En resumen, de acuerdo con estos resultados, participar regularmente en una variedad de diferentes tipos de actividad física, como correr, andar en bicicleta y ejercicios de resistencia puede ser la mejor manera de ayudar a prolongar la vida útil.
Reflexiones
- El estudio actual analizó los datos de más de 111.000 participantes, los cuales evaluaron su actividad física durante más de 30 años y su impacto potencial en la esperanza de vida, por ser el estilo de vida un factor modificable para prevenir la muerte prematura.
- Ser físicamente activo ayuda a vivir más tiempo y en mejores condiciones de salud.
- El estudio proporciona datos sólidos a largo plazo que agregan una nueva dimensión crucial a esa regla: la diversificación es tan importante como el tipo de actividad.
- Aporta una nueva estrategia de estimular a nuestros pacientes. ¿Incapaz de correr o hay artrosis de rodilla?

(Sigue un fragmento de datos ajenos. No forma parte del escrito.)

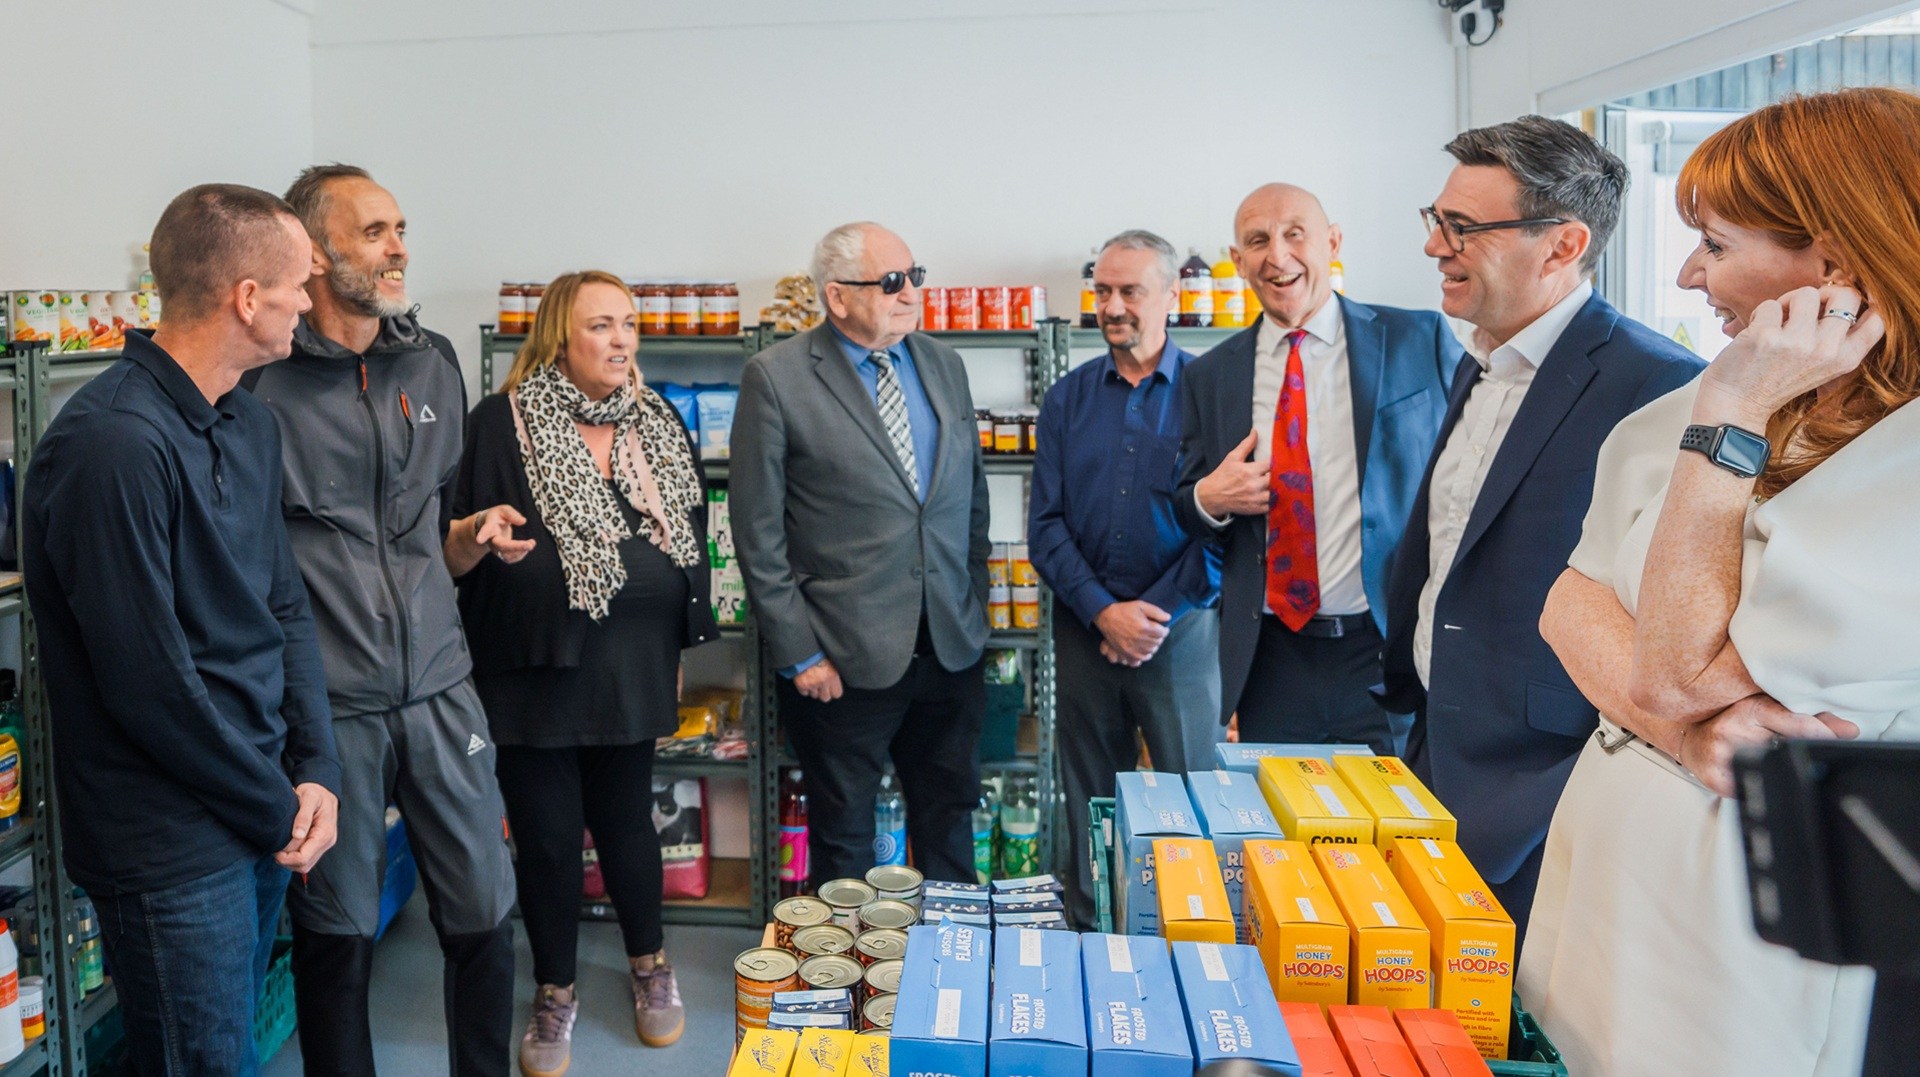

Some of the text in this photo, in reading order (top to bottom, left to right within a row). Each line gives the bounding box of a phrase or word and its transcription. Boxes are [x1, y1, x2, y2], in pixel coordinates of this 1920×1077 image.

[1226, 851, 1244, 867] RI
[1222, 868, 1244, 885] PO
[942, 930, 955, 957] FROSTED
[955, 927, 974, 962] FLAKES
[1295, 944, 1334, 952] MULTIGRAIN
[1460, 939, 1499, 948] MULTIGRAIN
[1460, 947, 1498, 957] HONEY
[1295, 951, 1332, 961] HONEY
[1376, 956, 1413, 966] HONEY
[1283, 962, 1345, 980] HOOPS
[1364, 967, 1428, 985] HOOPS
[1447, 957, 1510, 977] HOOPS
[1010, 993, 1031, 1035] FLAKES
[1032, 998, 1047, 1030] FROSTED
[1107, 1001, 1132, 1045] FLAKES
[1130, 1007, 1147, 1041] FROSTED
[1208, 1009, 1239, 1054] FLAKES
[1232, 1015, 1253, 1049] FROSTED

Bien, se le pueden enseñar ejercicios de silla y acostados o de pie, aquaterapía o natación.
- Permite convencer al paciente de que el ejercicio es una indicación terapéutica más en beneficio de la salud en general y sin opciones de sustitución.
- Los participantes en este estudio fueron seguidos desde la mediana edad, lo cual implica la contextualización en el largo plazo condicionado por un inicio temprano de ejercicio regular, donde pueden coexistir algunos condicionantes de riesgo en valor limítrofe o subclínico y pudieran ser corregidos por la actividad física regular y sostenido.
Por consiguiente, en pocas palabras, estos hallazgos respaldan los conocidos lemas “Muévete por tu salud”, “Moverse más y sentarse menos” y que no existen limitaciones para practicar una actividad física beneficiosa para una longevidad más saludable.